Economic growth stifled by regional protectionism
Friday, September 20, 2019
Rocky View County officials are concerned about the economic viability of the Calgary region after minor amendments to the County’s municipal development plan were voted down by a group of urban municipalities led by the City of Calgary.
In January of 2018, the NDP provincial government, responding to demands from Calgary, forced area municipalities to join a Calgary Metropolitan Region Board (CMRB) with the aim of developing a long-term plan for managed, sustainable growth in the Calgary region. However, the City of Calgary was given what essentially amounts to a veto over CMRB decisions due to the city’s population size, and the City has significant influence over neighbouring urban municipalities as their water supplier.
Rocky View County had proposed minor changes to its County Plan to remove limits on the population of hamlets to allow Albertans more freedom on where and how they choose to live. The County also proposed a change that would allow it to be more flexible in certain business and commercial development areas, to ensure economic opportunities were not lost to the region.
The County’s plans were reviewed by the CMRB's administration, and by an independent third-party planning consultant. Both reviews found the changes to be in compliance with the board’s Interim Growth Plan, but Calgary appealed the decision. At a board meeting on Friday, the City of Calgary used its power and influence over other municipalities to kill the County’s plans.
“Some of the comments made by Calgary politicians recently lead me to believe the CMRB is rapidly becoming an instrument to hobble healthy competition between municipalities. Any notion of developing a flexible, co-operative, sustainable, well-planned approach to regional development seems to have gone out the window,” said Rocky View County Reeve Greg Boehlke.
Approximately 90 percent of the Rocky View County’s land base is zoned for agricultural use. However, because of strict Provincial regulations on agricultural property assessment, that land generates only enough in taxes to keep the County operating for less than two days a year.
To compensate for that sustainability challenge, Rocky View County has worked diligently to create healthy residential communities and a strong commercial base that is the envy of municipalities throughout the province.
“Right now, I would consider Rocky View County to be the most financially sustainable and economically viable municipality in the region. We’re an Alberta success story. But instead of learning from our approach and emulating it, other municipalities seem to believe it’s easier to just stifle our efforts,” Boehlke says.
In 2018 alone, Rocky View County added almost $265 million to its business and commercial development assessment base, and almost $400 million to its residential base, all in a municipality of just over 40,000 people.
“We’ve played to our strengths and made tough decisions. A Calgary councillor recently accused us of eating their lunch in attracting businesses to the County. But the reality is those businesses locating in Rocky View County, such as massive distribution centres, could never afford to develop in Calgary or some of the other high-tax municipalities. Without the County they would be lost to the entire region, along with all the jobs they bring,” Boehlke says.
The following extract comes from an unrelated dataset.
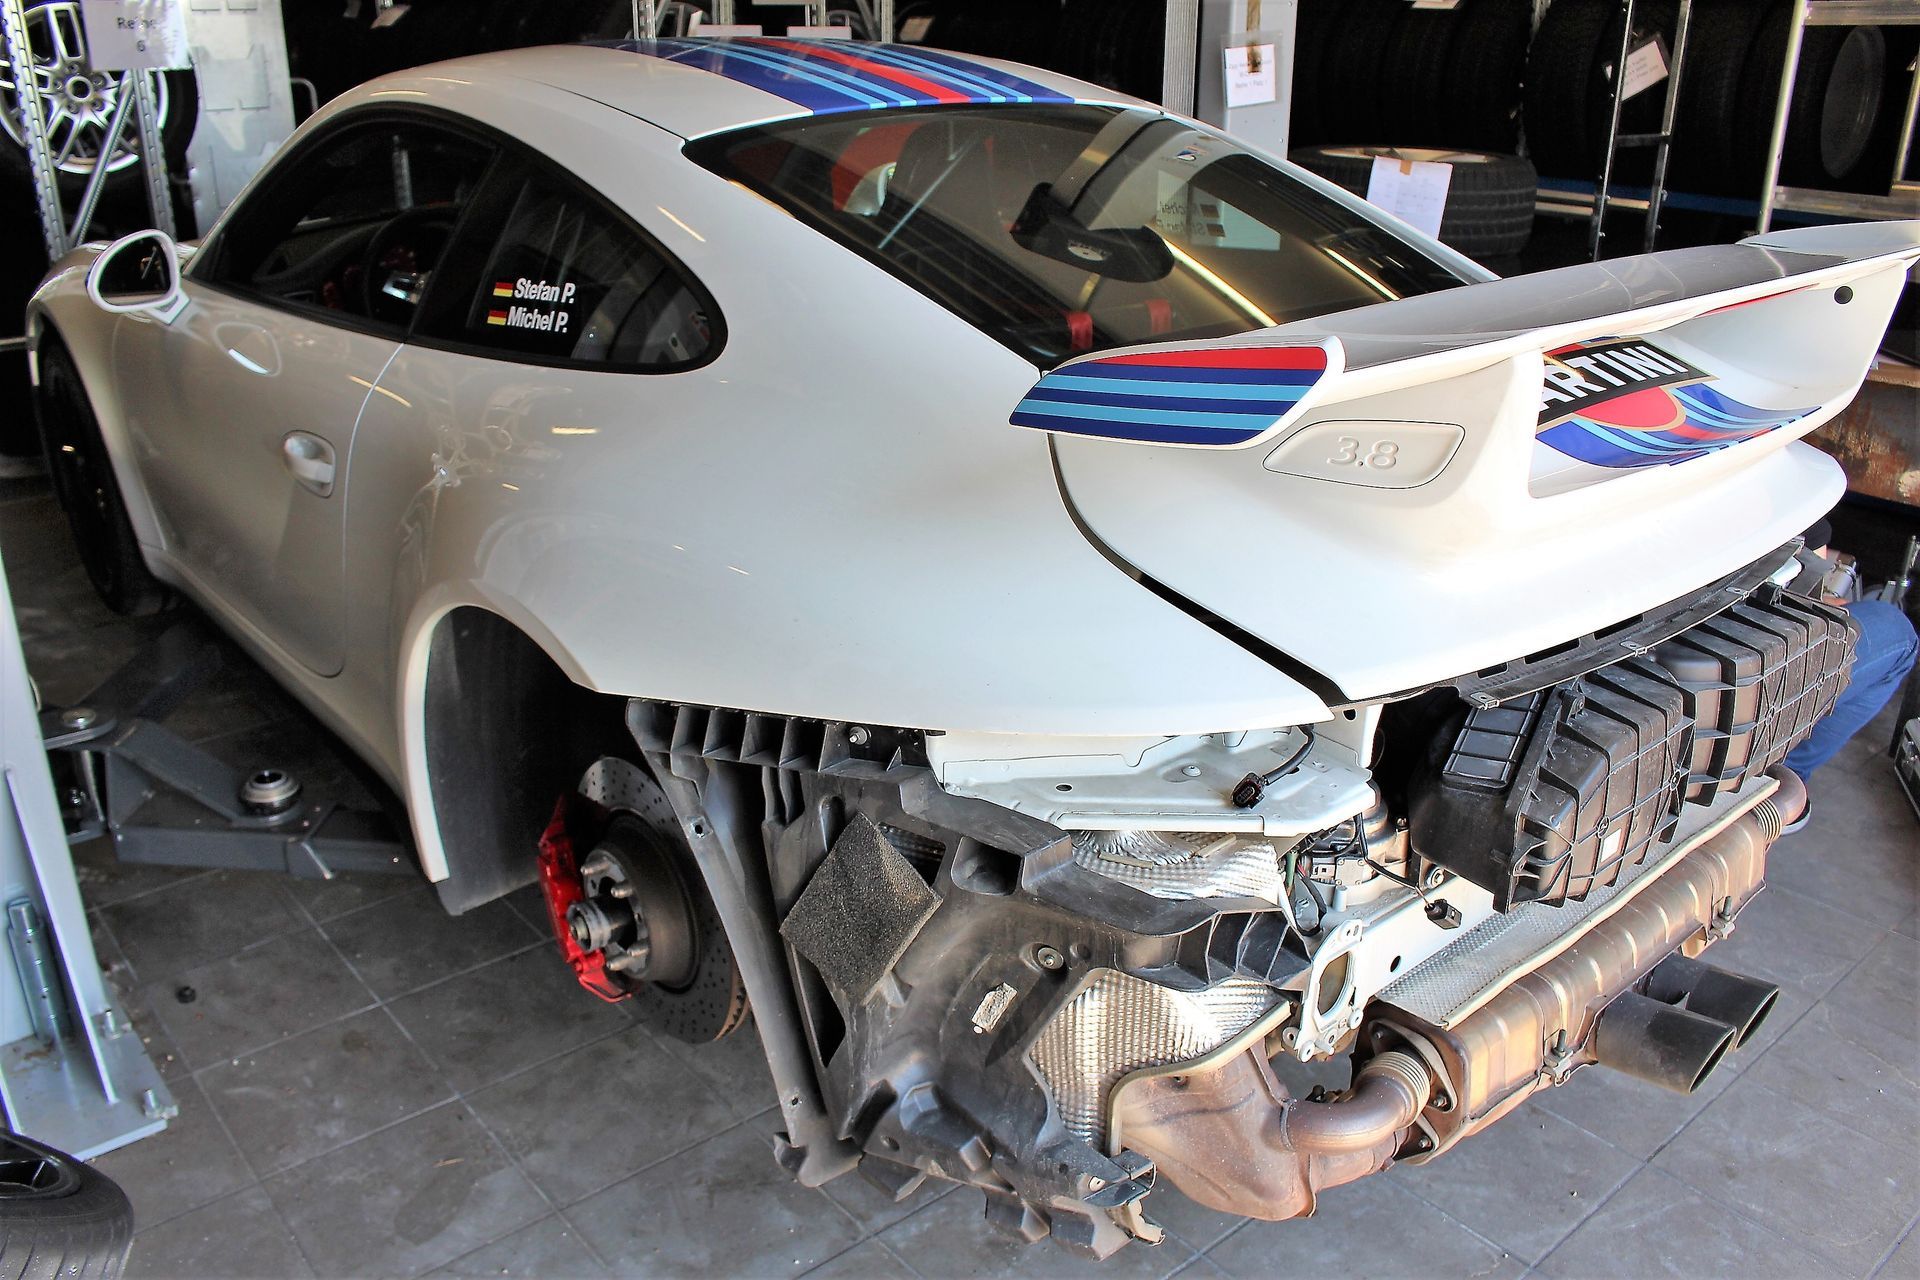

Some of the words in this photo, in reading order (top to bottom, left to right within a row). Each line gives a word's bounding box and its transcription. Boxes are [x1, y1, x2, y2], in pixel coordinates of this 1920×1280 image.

Boehlke says the County has taken a similar approach to residential development, where unique housing opportunities are created that couldn’t be duplicated in a dense, urban environment.
“There should be room for choice. For the Calgary region to thrive, each partnering municipality must be able to play to its strengths. There are certainly things that would do well in Calgary, or Cochrane, or Airdrie that would not be a good fit in the County. But the urban municipalities seem to think they can have it all,” Boehlke says.
The reeve points out that Rocky View County has long been a strong regional player that shares its success, proving that rural municipalities carry their weight in the region.
“We are significant funders of recreation centres and libraries in neighbouring municipalities – the very municipalities that voted with Calgary against us at the CMRB. We make strong financial contributions to regional family and community support programs in these urban centres. And, the County has spearheaded the creation of regional partnerships, where municipalities can reduce costs and increase service in areas including fire services, solid waste and recycling, transportation, and more.”
Boehlke says that despite the disappointing outcome of today’s CMRB Board ruling, Rocky View County will continue in its efforts to sustain a high quality-of-life for its residents, and a receptive environment for business and development.
“With the constant attacks on our success, it’s hard to keep taking the high road. But we’ll never give up on our ‘good neighbour’ approach, or on the principles of sound and truly co-operative regional planning. That’s the only real path to success for the Calgary region,” Reeve Boehlke says.
Rocky View County comprises approximately one million acres of land in southern Alberta. The County is on the west, north, and east borders of Calgary. Due to its size and location, the County has an unusually large number of neighbours, including seven urban municipalities, six rural municipalities, and four First Nations peoples on two reserves.